На переплетах рам – следы ночной пурги…
Как тих и скучен дом! Как съежился снегирь
От стужи за окном. – Но вот слуга. Шаги.
По комнатам идет седой костлявый дед,
Несет вечерний чай: «Опять глядишь в углы?
Небось все писем ждешь, депеш да эстафет!
Не жди. Ей не до нас. Теперь в Москве балы».
События же здесь случались самые разнообразные – от легких концертов до пафосных политических акций. Вот, например, 23 апреля 1844 года именно здесь состоялся гастрольный концерт немецкой пианистки Клары Шуман. Она приехала сюда со своим мужем, известным композитором Робертом Шуманом и выступила в Благородном собрании. Разумеется, ее слушали с большой приязнью. В Москве и сегодня неравнодушны к заезжим артистам. А в то время, при тех «средствах коммуникации», когда о телевидении еще и не мечтали – и подавно.

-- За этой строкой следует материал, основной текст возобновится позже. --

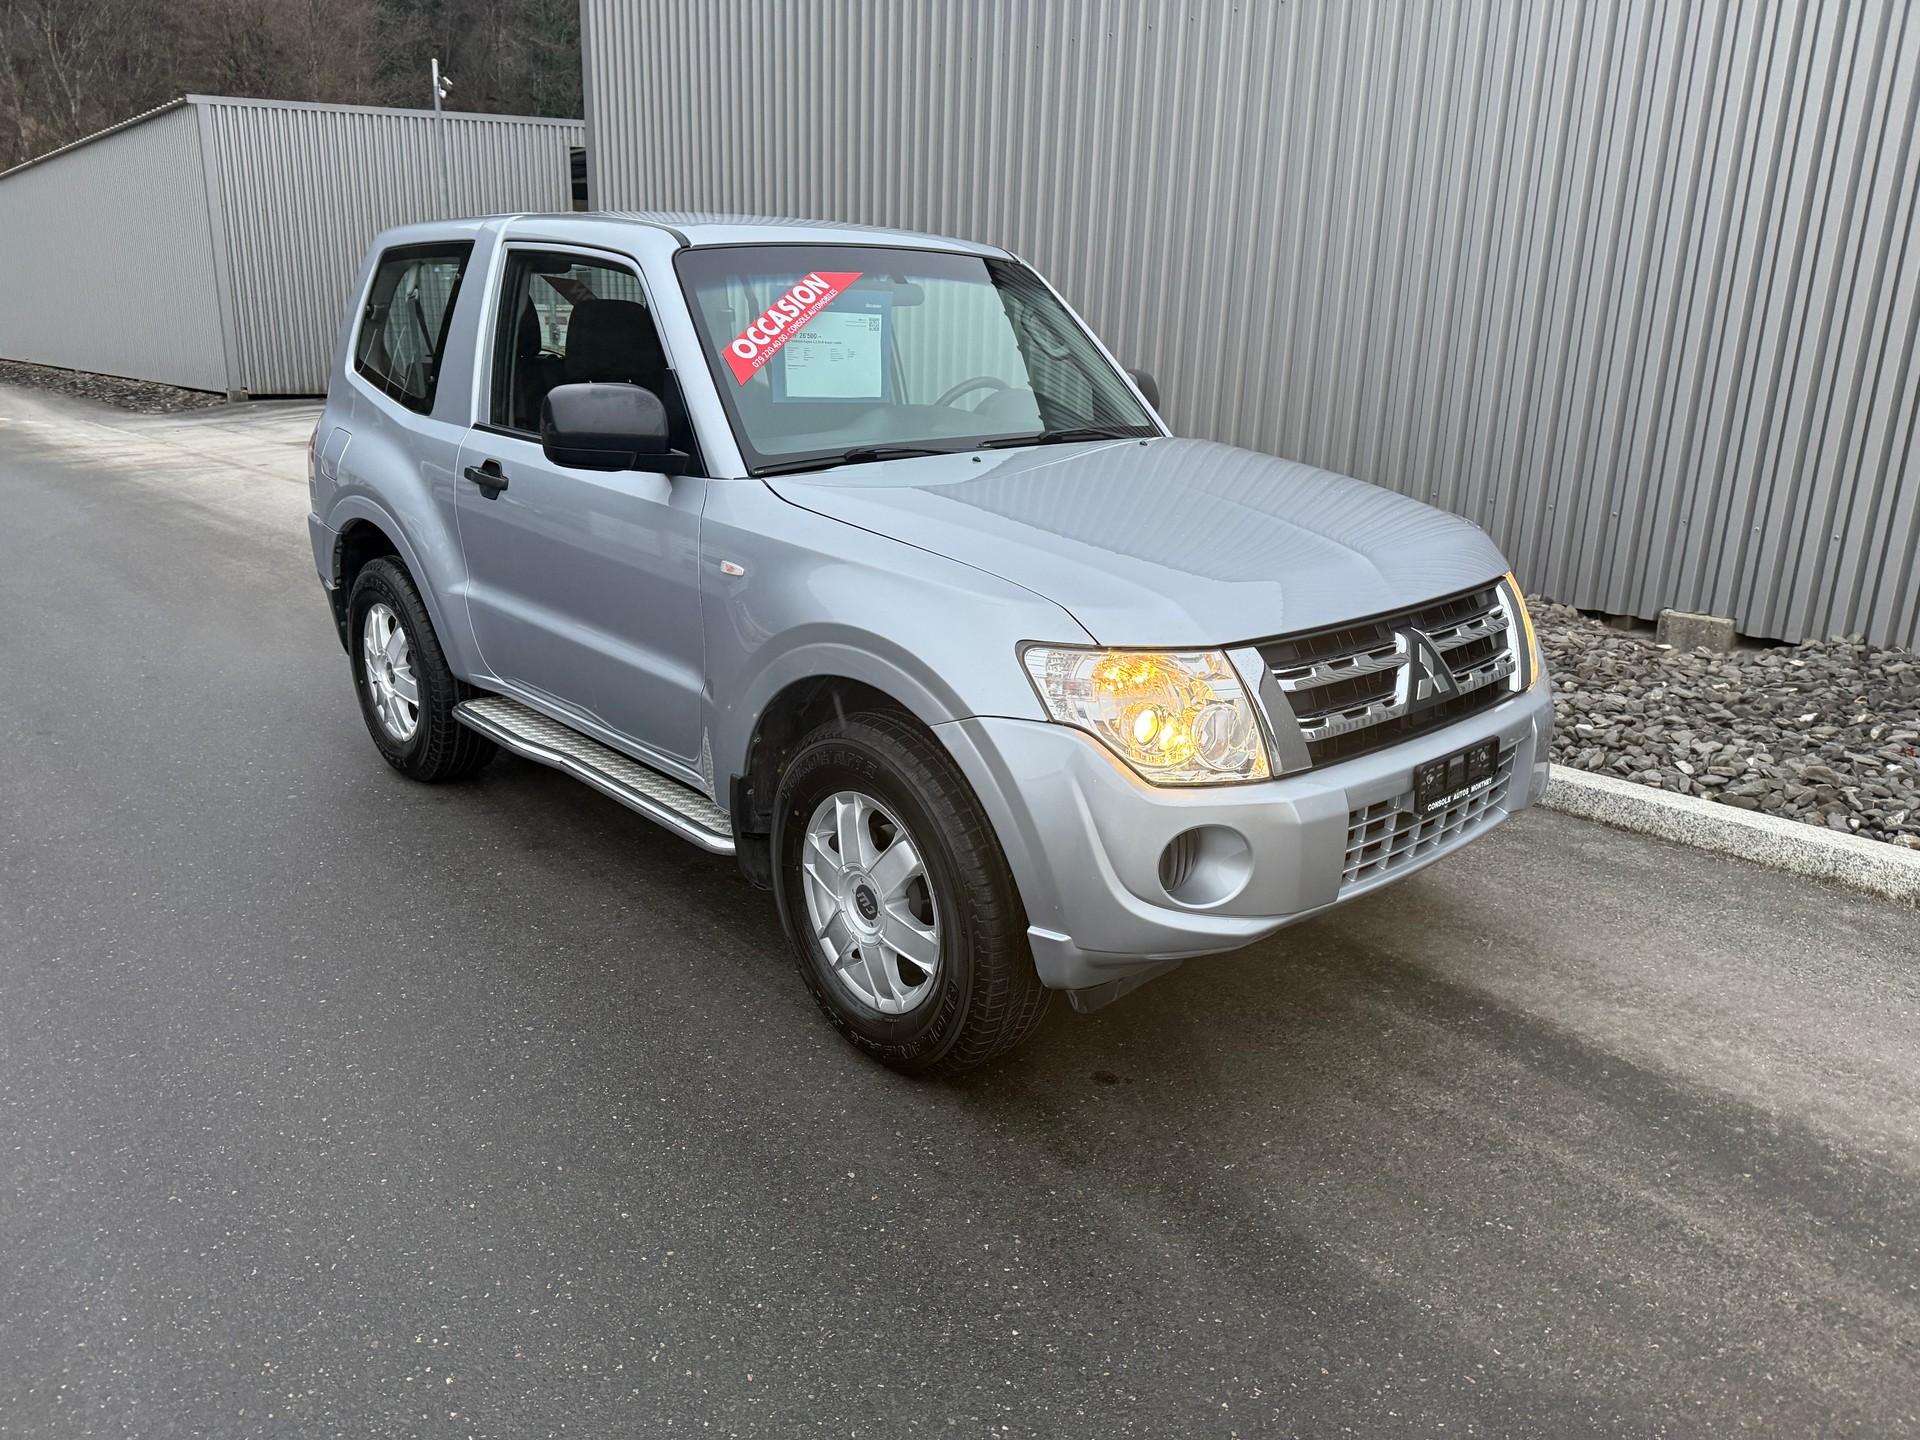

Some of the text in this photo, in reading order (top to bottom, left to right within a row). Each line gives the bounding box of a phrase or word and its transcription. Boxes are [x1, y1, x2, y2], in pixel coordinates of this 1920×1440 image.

[732, 273, 831, 359] OCCASION
[752, 356, 765, 368] 079
[762, 347, 775, 358] 220
[772, 340, 781, 349] 40
[778, 333, 788, 343] 00
[787, 313, 811, 334] CONSOLE
[807, 288, 839, 317] AUTOMOBILES
[1427, 795, 1451, 812] CONSOLE
[1453, 787, 1469, 801] AUTOS

Клара Шуман писала: «Приняли меня очень восторженно. Большой успех имел „Ноктюрн“ Фильда».
Ей вообще понравились Москва и москвичи.
Дворянское собрание в то время было чинным, благородным, но никак не мертвенным и не официозным. А к началу прошлого столетия распоясалось вконец.
Об избранности публики уже не приходилось говорить. Сюда пускали каждого желающего. Возникло вдруг «демократическое» сокращение – «Благородка». Да и увеселения стали совсем другими, унизительными для старой дворянской гвардии, в изумлении доживающей свой долгий век.
В конце девятнадцатого века тут, например, устраивало свое празднество Общество искусства и литературы. Мало того, что в стены Благородного собрания пустили безродных рисовальщиков и шелкоперов. Им разрешили нарядиться в жуткие карнавальные костюмы и заставить аристократические интерьеры более чем смелыми декорациями.
Впрочем, жуткими и смелыми их находили только в прошлом веке. Из нашего же времени все это воспринимается как классика, немножечко поднадоевшая со школы. Например, картины Левитана.
В Колонном зале проходили концерты «музыкалки» – московского Музыкального общества. На концертах аристократизма не было в помине. А билетов на подобные мероприятия продавали больше, чем было в зале мест. В основном сюда ходило «новое купечество» – в отличие от старого, кондового, не чуждое искусств.
Петр Боборыкин так описывал одно из здешних культурно-развлекательных мероприятий: «По мраморной лестнице Благородного собрания поднималась на другой день Анна Серафимовна – одна, без Любаши.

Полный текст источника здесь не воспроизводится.